Found: Genetic link to common migraine

29^th August 2010 - An international team of researchers say they have found the first ever genetic risk factor associated with common types of migraine.

The team found that patients with a particular DNA variant have a significantly greater risk of developing migraine. They suggest that the variant causes an accumulation of a chemical known as glutamate in the brain’s nerve cell junctions which may play an important role in triggering migraine attacks.

Gene variants

In the past, investigations have found genetic mutations giving rise to rare and extreme forms of migraine. However, this is understood to be the first time that variants have been found that are associated with the most common type of migraine.

The findings are being hailed as a significant breakthrough in helping to solve the world’s most common neurological condition and one that, in the UK affects one in four women and one in 12 men.

The team behind the discovery say they hope their research will open the door for new treatments. One migraine charity in the UK has described the findings as a “breakthrough”.

The research

The research, which was led by the Wellcome Trust Sanger Institute based in Cambridge, involved studying the genetic data of more than 50,000 people.
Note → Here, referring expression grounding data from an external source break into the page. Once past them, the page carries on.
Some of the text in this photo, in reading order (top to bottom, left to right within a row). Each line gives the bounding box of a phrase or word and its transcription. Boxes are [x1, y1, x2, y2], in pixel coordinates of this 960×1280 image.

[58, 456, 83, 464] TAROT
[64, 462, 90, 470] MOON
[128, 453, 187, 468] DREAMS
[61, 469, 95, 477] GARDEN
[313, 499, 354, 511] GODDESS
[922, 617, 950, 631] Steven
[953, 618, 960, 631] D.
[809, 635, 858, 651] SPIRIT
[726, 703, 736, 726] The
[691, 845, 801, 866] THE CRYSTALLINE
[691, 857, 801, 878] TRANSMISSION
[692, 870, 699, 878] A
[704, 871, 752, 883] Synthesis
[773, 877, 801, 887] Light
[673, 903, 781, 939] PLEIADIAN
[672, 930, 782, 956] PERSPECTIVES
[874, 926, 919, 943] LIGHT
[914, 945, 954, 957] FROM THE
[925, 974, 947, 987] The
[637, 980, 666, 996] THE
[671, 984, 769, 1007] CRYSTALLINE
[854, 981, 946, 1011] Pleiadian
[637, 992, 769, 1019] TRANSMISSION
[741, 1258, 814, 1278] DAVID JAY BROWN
They compared the genomes of more than 3,000 people from Finland, Germany and The Netherlands with migraine with the genomes of more than 10,000 non-migraineurs in order to highlight genetic differences that might increase the likelihood of developing migraine.
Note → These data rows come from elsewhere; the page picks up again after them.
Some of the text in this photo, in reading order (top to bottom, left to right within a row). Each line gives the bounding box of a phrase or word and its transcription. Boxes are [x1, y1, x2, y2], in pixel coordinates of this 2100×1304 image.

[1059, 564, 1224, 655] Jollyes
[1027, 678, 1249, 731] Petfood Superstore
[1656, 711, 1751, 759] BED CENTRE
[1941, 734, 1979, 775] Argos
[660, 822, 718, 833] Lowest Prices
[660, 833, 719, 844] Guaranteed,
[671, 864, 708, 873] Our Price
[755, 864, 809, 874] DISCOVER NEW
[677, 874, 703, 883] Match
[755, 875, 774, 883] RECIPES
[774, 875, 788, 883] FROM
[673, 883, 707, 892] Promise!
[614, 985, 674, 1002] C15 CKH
In order to confirm the link, they compared the genomes of a second group of more than 3,000 patients with more than 40,000 apparently healthy people.

Dr Aarno Palotie, chair of the Institute’s International Headache Genetics Consortium, said in a statement:  “This is the first time we have been able to peer into the genomes of many thousands of people and find genetic clues to understand common migraine.”

After analysing the data they found that a DNA variation on chromosome 8 appears to be associated with increased susceptibility to common migraine. The effect of the variant alters activity in the EAAT2 gene which produces a protein responsible for clearing glutamate from nerve synapses in the brain.

“Although we knew that the EAAT2 gene has a crucial role to play in neurological processes in human and potentially in the development of migraine, until now, no genetic link has been identified to suggest that glutamate accumulation in the brain could play a role in common migraine,” says co-senior author of the study Professor Christian Kubisch in a statement.

Kubisch adds that, “This research opens the door for new studies to look in depth at the biology of the disease and how this alteration in particular may exert its effect.”

The authors warn that more research is needed and that future studies should involve a wider sample of people.